Steps to address students’ mental health a strong positive
Published 6:00 am Saturday, June 15, 2024
Children face different challenges today than in decades past — more stressors sometimes from family settings, the recent pandemic, social media pressures — things those in other generations did not face in such abundance or at all.
It’s a positive to see recent steps taken by the Commonwealth of Kentucky and the Bowling Green Independent School District to address the mental health of children.
Lt. Gov. Jacqueline Coleman recently summarized her career in education, with a glaring omission – in all her educational experiences, up to earning her doctorate, she’d never had training on student mental health.
Now, Kentucky is one of six states that has been selected for a national, yearlong program focused on achieving state-level mental health goals.
Coleman credits this to her team’s focus on the youth mental health crisis ever since COVID-19 hit in 2020.
She expressed her optimism about the selection and lamented the educational framework she has that was minus training on students’ mental health.
“What that tells me is there’s at least half of the educated workforce that has never been prepared to deal with these challenges that we’re facing right now,” she said. “How to talk about it, how to recognize and refer, and that’s alarming to me.”
Kentucky, with five other states, will participate in the National Governors Association’s latest mental health initiative – The Policy Academy to Drive Thriving Youth Mental Health and Wellbeing.
The academy is designed to leverage national resources and expertise to advance statewide mental health goals. Coleman’s Kentucky team will meet with NGA regularly to work through challenges.
There are three main goals – explore ways to better fund mental health services in schools, train educators to identify and support students’ – and teachers’ – mental health, and establish a statewide mental health coordinating body.

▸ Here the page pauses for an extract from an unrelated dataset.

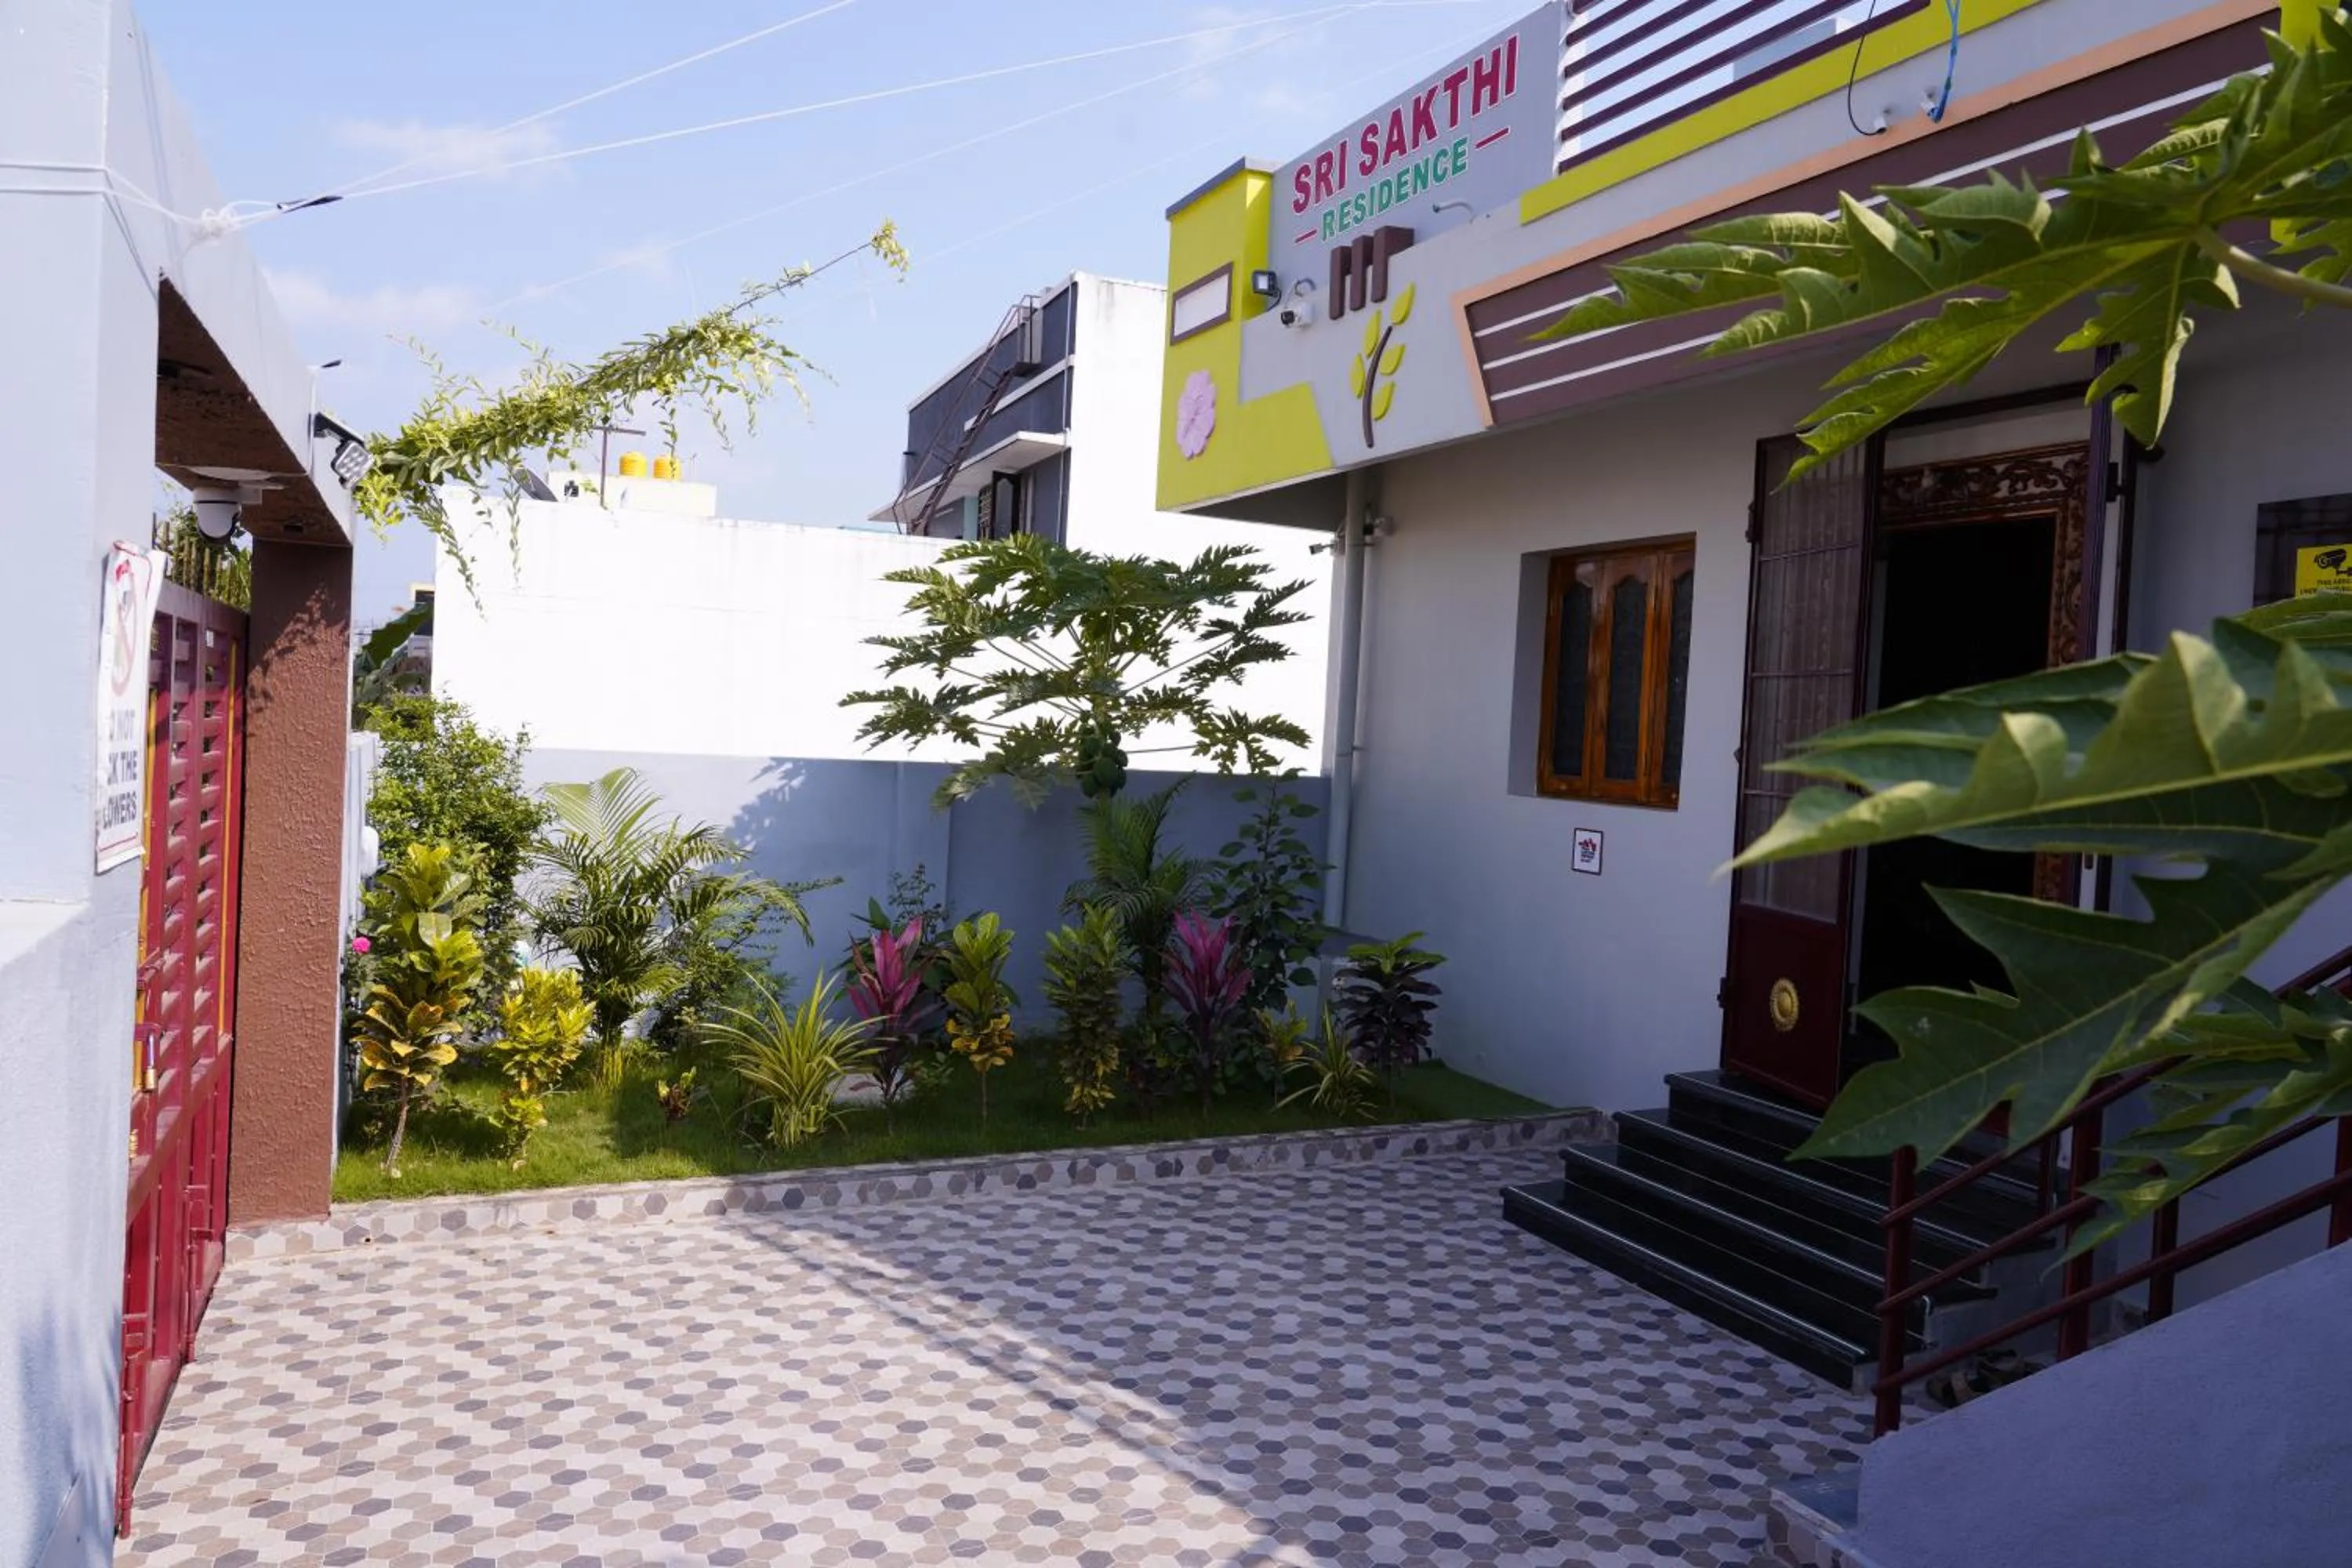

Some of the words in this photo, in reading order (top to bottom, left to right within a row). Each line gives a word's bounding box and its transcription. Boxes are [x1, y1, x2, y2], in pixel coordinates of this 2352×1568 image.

[1293, 140, 1348, 215] SRI
[1358, 34, 1519, 176] SAKTHI
[1321, 136, 1468, 241] RESIDENCE
[120, 750, 137, 782] THE

A focus on students’ mental health is not new, but in the wake of the COVID-19 pandemic, more problems arose, and the ramification of that lack of social growth and academic time in school still affects students and their mental maturation process.

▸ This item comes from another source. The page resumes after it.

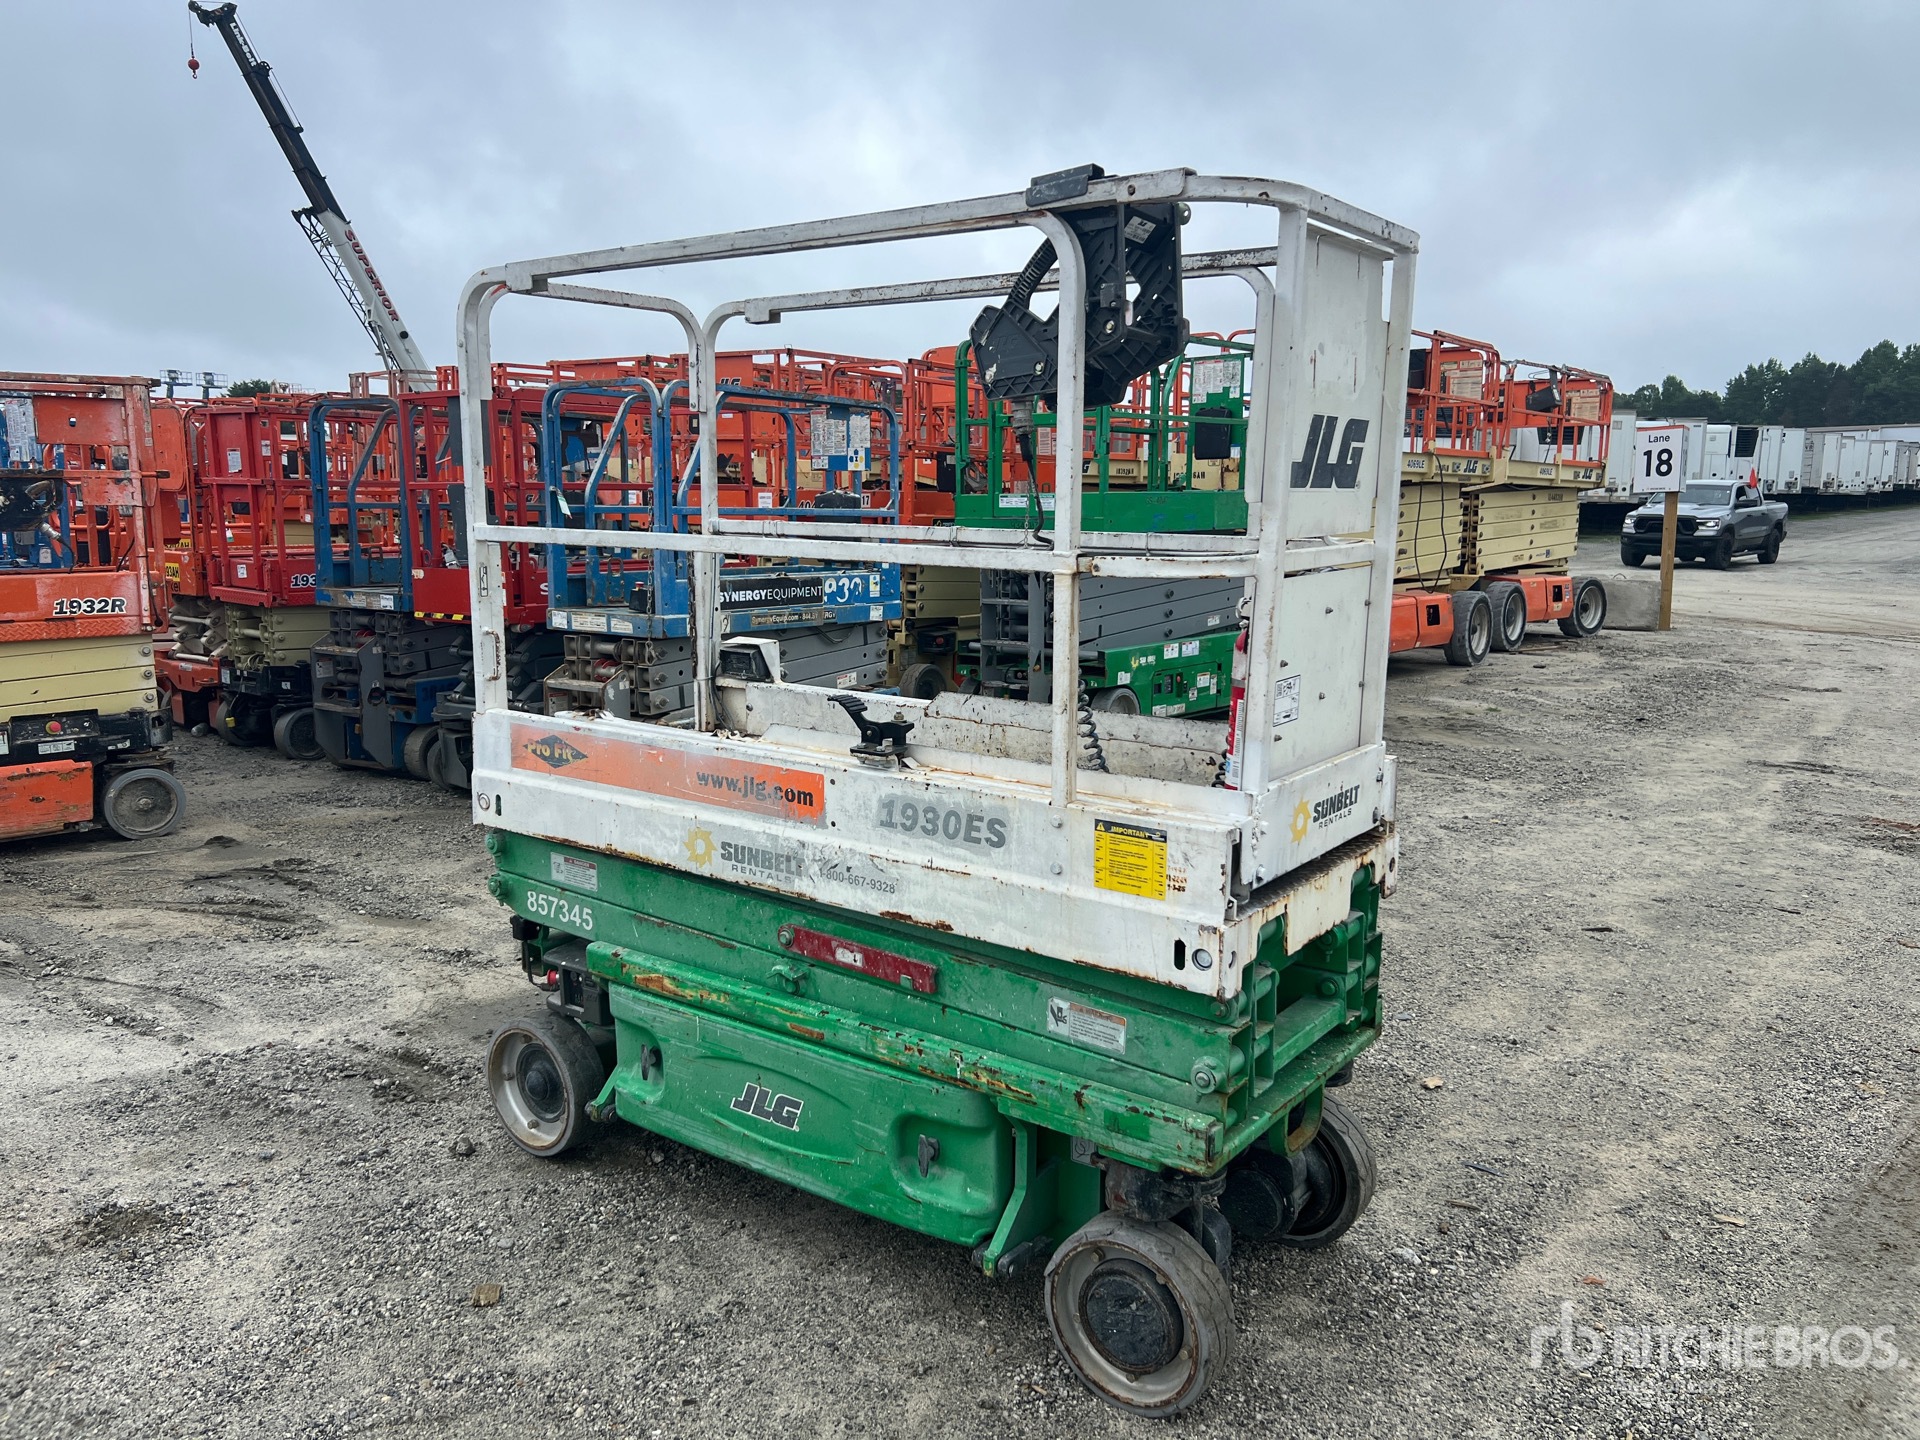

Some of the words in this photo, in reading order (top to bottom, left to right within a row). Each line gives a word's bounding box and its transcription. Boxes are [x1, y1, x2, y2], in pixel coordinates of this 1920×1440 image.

BGISD, meanwhile, has expanded its suicide prevention policy by adding resources to students in grades 4-12.
The new suicide prevention policy expands on what the district has already been practicing, which was a one-time prevention training in September across grades 6-12.

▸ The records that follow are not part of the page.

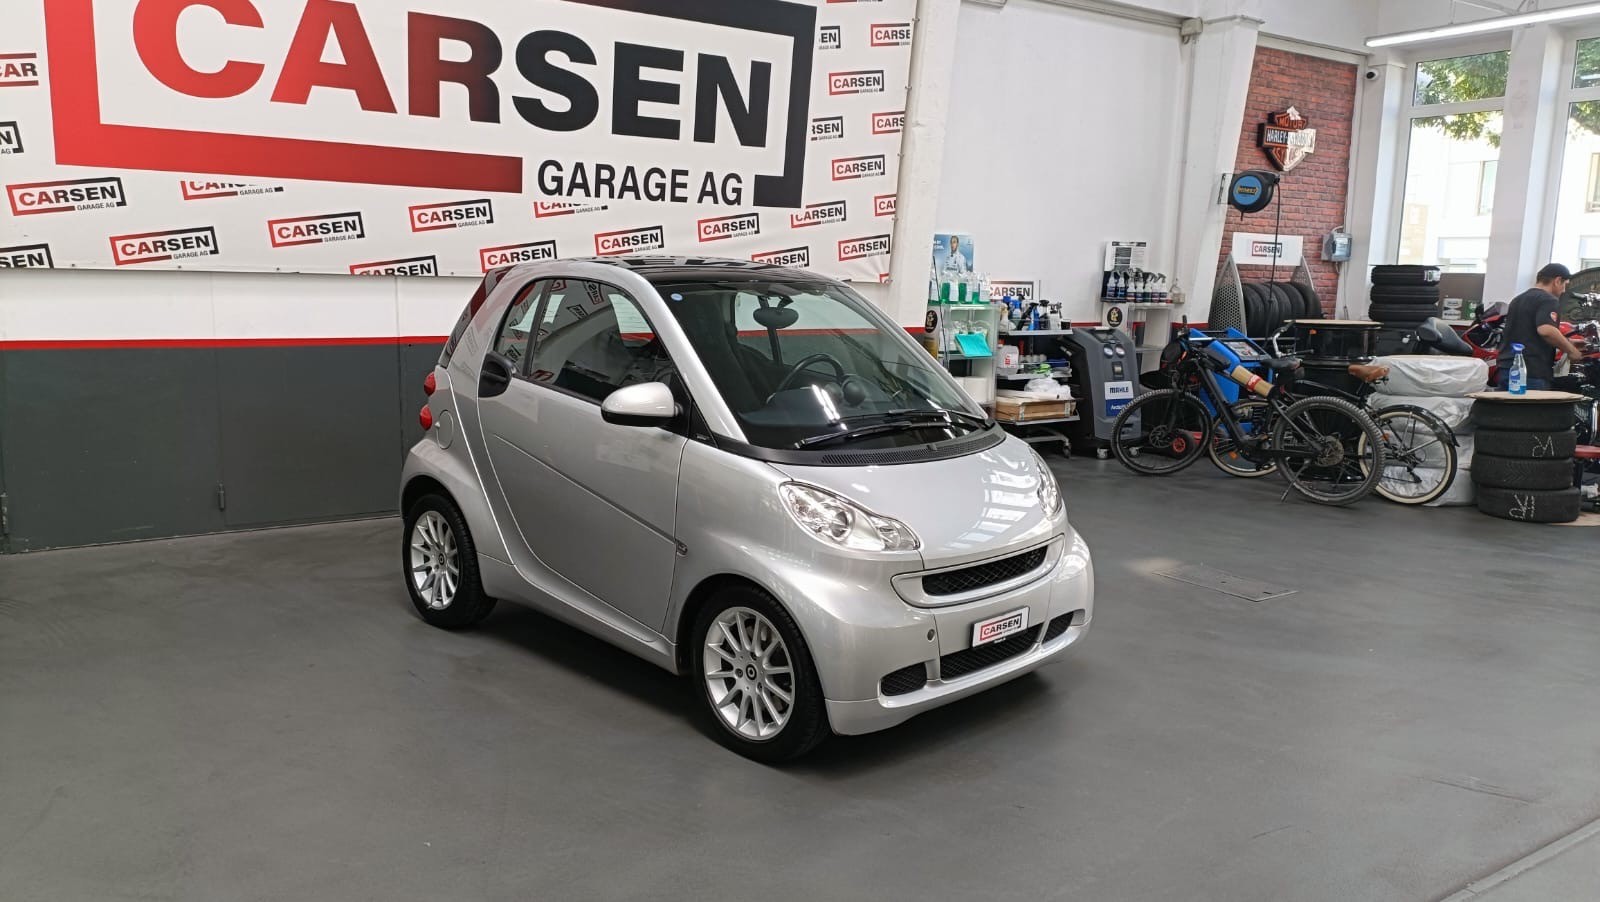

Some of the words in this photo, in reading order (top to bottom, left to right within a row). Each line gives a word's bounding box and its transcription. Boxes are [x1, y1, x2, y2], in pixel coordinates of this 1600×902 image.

[0, 63, 38, 78] AR
[133, 0, 771, 148] CARSEN
[833, 76, 881, 89] CARSEN
[836, 161, 882, 174] CARSEN
[538, 159, 688, 203] GARAGE
[697, 172, 743, 206] AG
[19, 185, 117, 206] CARSEN
[240, 188, 263, 196] GARAGE
[77, 203, 104, 211] GARAGE
[417, 205, 487, 224] CARSEN
[277, 219, 357, 239] CARSEN
[703, 218, 756, 236] CARSEN
[121, 234, 210, 256] CARSEN
[601, 232, 659, 250] CARSEN
[843, 239, 887, 255] CARSEN
[1254, 245, 1281, 254] CARSEN
[173, 252, 199, 260] GARAGE
[487, 247, 552, 266] CARSEN
[983, 618, 1020, 636] CARSEN

“I think that’s just a realization that we just have a lot of kids in distress and we want to make sure everybody has the tools to help kids when they need help,” BGISD Superintendent Gary Fields said. “Students are provided with a slew of suicide prevention information. We do some surveys with them, allowing kids to let us know if they’re having a rough time.”
We applaud the efforts, both state and local, to provide help where it is needed — in our school systems.